El microtráfico que va de la mano del crecimiento de la drogadicción y que, además, es un elemento disparador de la inseguridad en Cúcuta, comenzó a ser enfrentado con un plan de demolición de los sitios destinados para el expendio, almacenamiento y consumo de estupefacientes.
La ciudadanía en barrios como San Rafael, La Cabrera, Antonia Santos, Motilones, La Ínsula, La Libertad, Atalaya, entre otros sectores, esperan que la medida de la Secretaría de Gobierno Municipal para derrumbar 20 ollas, al menos ayude a garantizar en parte la seguridad y convivencia ciudadana.
Se supone que esta iniciativa que cubrirá tanto aquellos puntos que se encuentran en espacios públicos como en terrenos privados debe hacer parte de un conjunto más complejo de acciones para poner a raya este problema que tiene componentes policiacos, pero también de salud pública y sociales.
Nadie demerita el hecho de que en barrio tumben o eliminen una de esas ollas, puesto que significará que al menos el vecindario y la zona queden libres de jíbaros y consumidores de drogas pululando por el lugar.
Pero ese buen resultado puede ser apenas momentáneo, porque quién garantiza que esos expendedores de basuco o heroína no vuelvan utilizando otros mecanismos para mantener el control de ese mercado.
Si esto va a acompañado de una fuerte y permanente presencia policial y de la multiplicación de la operatividad y la inteligencia para golpear fuertemente a los microtraficantes en toda la ciudad y el área metropolitana, pudiéramos decir que estamos frente a una acción realmente contundente y envolvente contra ese peligroso negocio.
Pero en el evento que esto sea solo un golpe momentáneo y no estructural contra el microtráfico, tendrán toda la razón los habitantes de las comunas cucuteñas que se quejan porque la alegría es pasajera, puesto que al final todo queda convertido en paños de agua tibia.

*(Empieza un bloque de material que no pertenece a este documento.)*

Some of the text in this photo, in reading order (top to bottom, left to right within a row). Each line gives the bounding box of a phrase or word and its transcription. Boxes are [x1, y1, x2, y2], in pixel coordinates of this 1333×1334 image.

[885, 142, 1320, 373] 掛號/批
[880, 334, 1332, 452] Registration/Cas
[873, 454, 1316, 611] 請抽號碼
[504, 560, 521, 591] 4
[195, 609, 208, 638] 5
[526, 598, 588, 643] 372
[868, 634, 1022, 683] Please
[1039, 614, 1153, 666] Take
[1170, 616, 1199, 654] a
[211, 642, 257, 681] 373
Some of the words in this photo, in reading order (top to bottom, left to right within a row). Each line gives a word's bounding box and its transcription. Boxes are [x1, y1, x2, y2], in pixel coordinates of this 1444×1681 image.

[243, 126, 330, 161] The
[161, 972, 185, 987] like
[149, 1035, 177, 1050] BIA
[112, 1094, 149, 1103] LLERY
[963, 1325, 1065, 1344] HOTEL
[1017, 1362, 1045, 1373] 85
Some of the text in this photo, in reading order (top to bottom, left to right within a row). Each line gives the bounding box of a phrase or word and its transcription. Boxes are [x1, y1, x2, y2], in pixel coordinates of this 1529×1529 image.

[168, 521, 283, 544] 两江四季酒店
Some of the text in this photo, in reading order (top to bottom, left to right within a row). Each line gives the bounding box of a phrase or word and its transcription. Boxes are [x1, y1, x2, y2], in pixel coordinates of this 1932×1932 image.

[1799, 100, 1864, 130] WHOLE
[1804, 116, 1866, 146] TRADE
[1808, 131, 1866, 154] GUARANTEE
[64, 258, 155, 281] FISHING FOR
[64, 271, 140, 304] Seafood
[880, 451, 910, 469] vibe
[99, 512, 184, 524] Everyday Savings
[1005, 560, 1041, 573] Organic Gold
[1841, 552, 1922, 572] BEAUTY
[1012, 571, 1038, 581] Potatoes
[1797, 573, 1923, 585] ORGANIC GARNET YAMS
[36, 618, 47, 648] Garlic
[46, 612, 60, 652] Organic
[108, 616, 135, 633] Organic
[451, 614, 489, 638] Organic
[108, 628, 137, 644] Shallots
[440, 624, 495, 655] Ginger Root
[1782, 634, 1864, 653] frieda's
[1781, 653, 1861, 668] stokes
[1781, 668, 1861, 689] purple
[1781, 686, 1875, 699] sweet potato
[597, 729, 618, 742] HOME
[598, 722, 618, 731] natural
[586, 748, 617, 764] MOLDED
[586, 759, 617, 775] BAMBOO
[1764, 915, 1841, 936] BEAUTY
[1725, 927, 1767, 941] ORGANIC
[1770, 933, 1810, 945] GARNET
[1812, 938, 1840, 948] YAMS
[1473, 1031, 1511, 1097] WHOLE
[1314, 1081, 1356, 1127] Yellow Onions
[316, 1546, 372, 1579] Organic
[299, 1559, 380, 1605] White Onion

Además, las autoridades no deben olvidar que para procurar hallarle solución desde la parte policial y judicial al llamado narcomenudeo, es indispensable entender y enfrentar la oleada violenta que sobre la ciudad trae el conflicto armado en el Catatumbo y la criminalidad en la frontera.
Para ayudar a reducir los homicidios y los hurtos de celulares por ejemplo, algunos de los cuales están estrechamente ligados a ese mal urbano, lo fundamental es que el plan esté lo suficientemente sólido y consistente en el tiempo, para evitar que el problema simplemente se traslade de barrio o de comuna.
Ojalá esto que dijo Edwin Moreno, subsecretario de Gobierno Municipal se cumpla: “al terminar con estas demoliciones continuarán trabajando articuladamente para seguir mitigando el flagelo de inseguridad para tener índices menores y una ciudad más tranquila”.
Entre tanto, las estadísticas señalan que en la ciudad los habitantes de la calle llegan a 1.211, de los cuales un 5% serían menores de edad y un 42% extranjeros que encontraron en la capital nortesantandereana un paraíso para el consumo de alucinógenos.
Ahí se encuentra una parte del componente social de la drogadicción que no solo está ahí, sino entre personas que consumen las sustancias sicoactivas a manera de diversión o cuando están consumiendo licor, por ejemplo, asunto que implica que hay subregistro y que desde el punto de vista de salud es necesario igualmente fortalecer las medidas para tratar la adicción.
Por ejemplo, al cierre de 2021, en Norte de Santander se reportaron 479 casos de personas que consumen basuco y cocaína, según el Instituto Departamental de Salud.
Es evidente que la tarea para demoler este monstruo es ardua e integral para poder ganar la batalla.